1Nell’ultima tornata elettorale c’è stata una “strage” di socialisti. Nessuno più sul palcoscenico regionale. Non solo nessun eletto, ma nessuno che si sia segnalato (al pari degli alleati di Azione, che invece al Comune di Perugia non erano andati male, anche se hanno preso finora quasi nulla). La giostra tra Bertini (sostenuto da Rometti ma anche da Chiacchieroni), Bacchetta, sostenuto da se
stesso, e Novelli, contro tutti, è finita con una grande tradizione politica umbra archiviata. Forse in maniera definitiva. L’unico socialista che arriva in Assemblea legislativa si chiama Nilo Arcudi ed è stato eletto con la lista della presidente Tesei.
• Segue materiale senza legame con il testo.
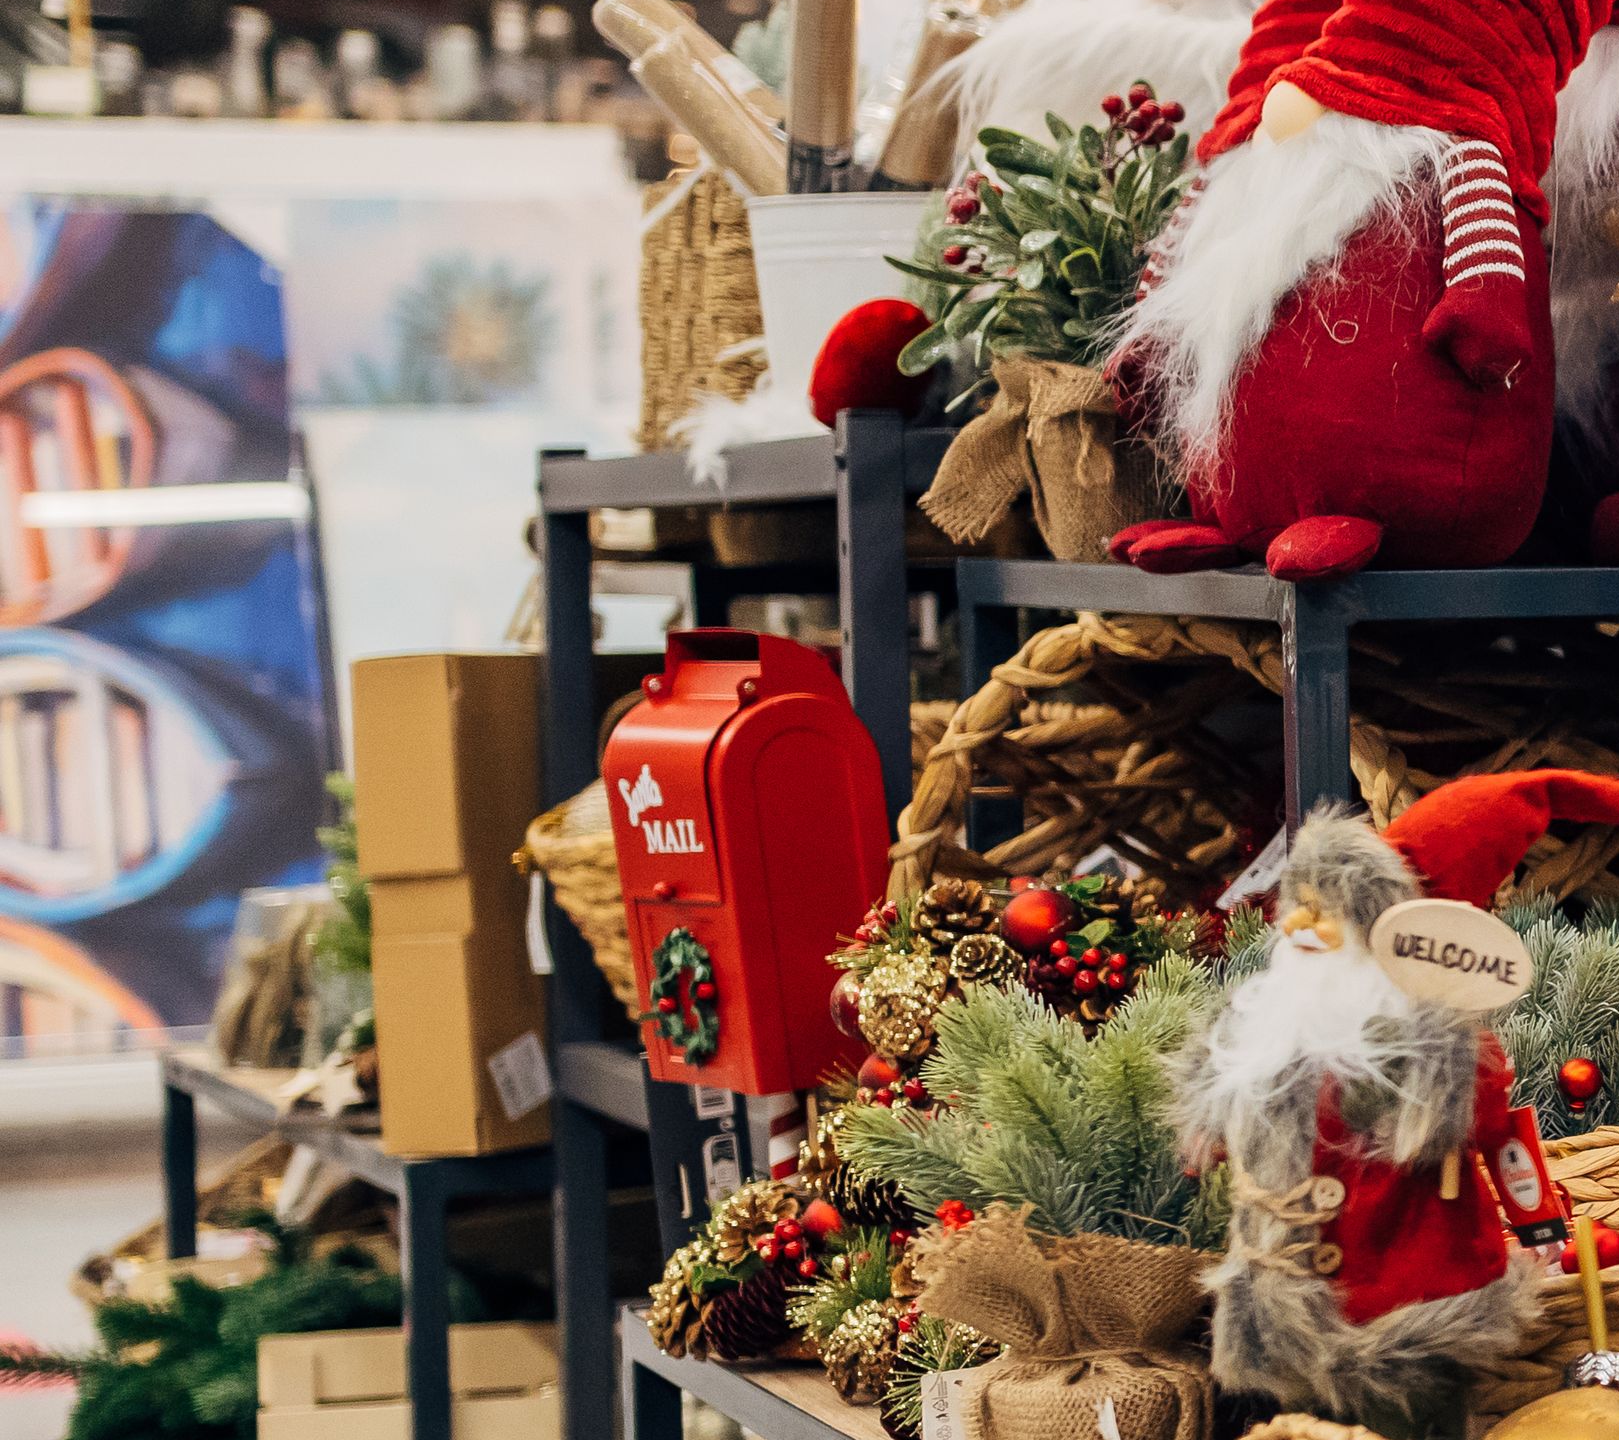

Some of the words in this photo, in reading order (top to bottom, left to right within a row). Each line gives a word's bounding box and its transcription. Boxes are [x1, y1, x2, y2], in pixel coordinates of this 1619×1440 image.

2.Erano indispensabili le note prima di Renzi (ma il leader nazionale si riferiva anche all’Emilia Romagna), poi quella specifica di Gnagnarini che riguardava solo l’Umbria: fa sapere che Italia Viva
c’era ed era alleata della Proietti. Nota indispensabile perché altrimenti, visti i risultati, non se ne sarebbe accorto nessuno.
3.Cambiamo radicalmente tono per dire che c’è stato un esempio di coraggio in questa campagna elettorale. Quello mostrato dall’ex senatrice leghista ternana Alessandrini, che non si è risparmiata per
le lunghe settimane di incontri, dibattiti, giri di strette di mano, mostrando amore per la politica nel suo senso più alto, dedizione e passione, raggiungendo anche un lusinghiero risultato elettorale. Il
centrodestra (ma anche il centrosinistra) da lei dovrebbe imparare.
Per ora l’augurio che prestissimo possa tornare al meglio per continuare a insegnare che cos’è l’impegno civile.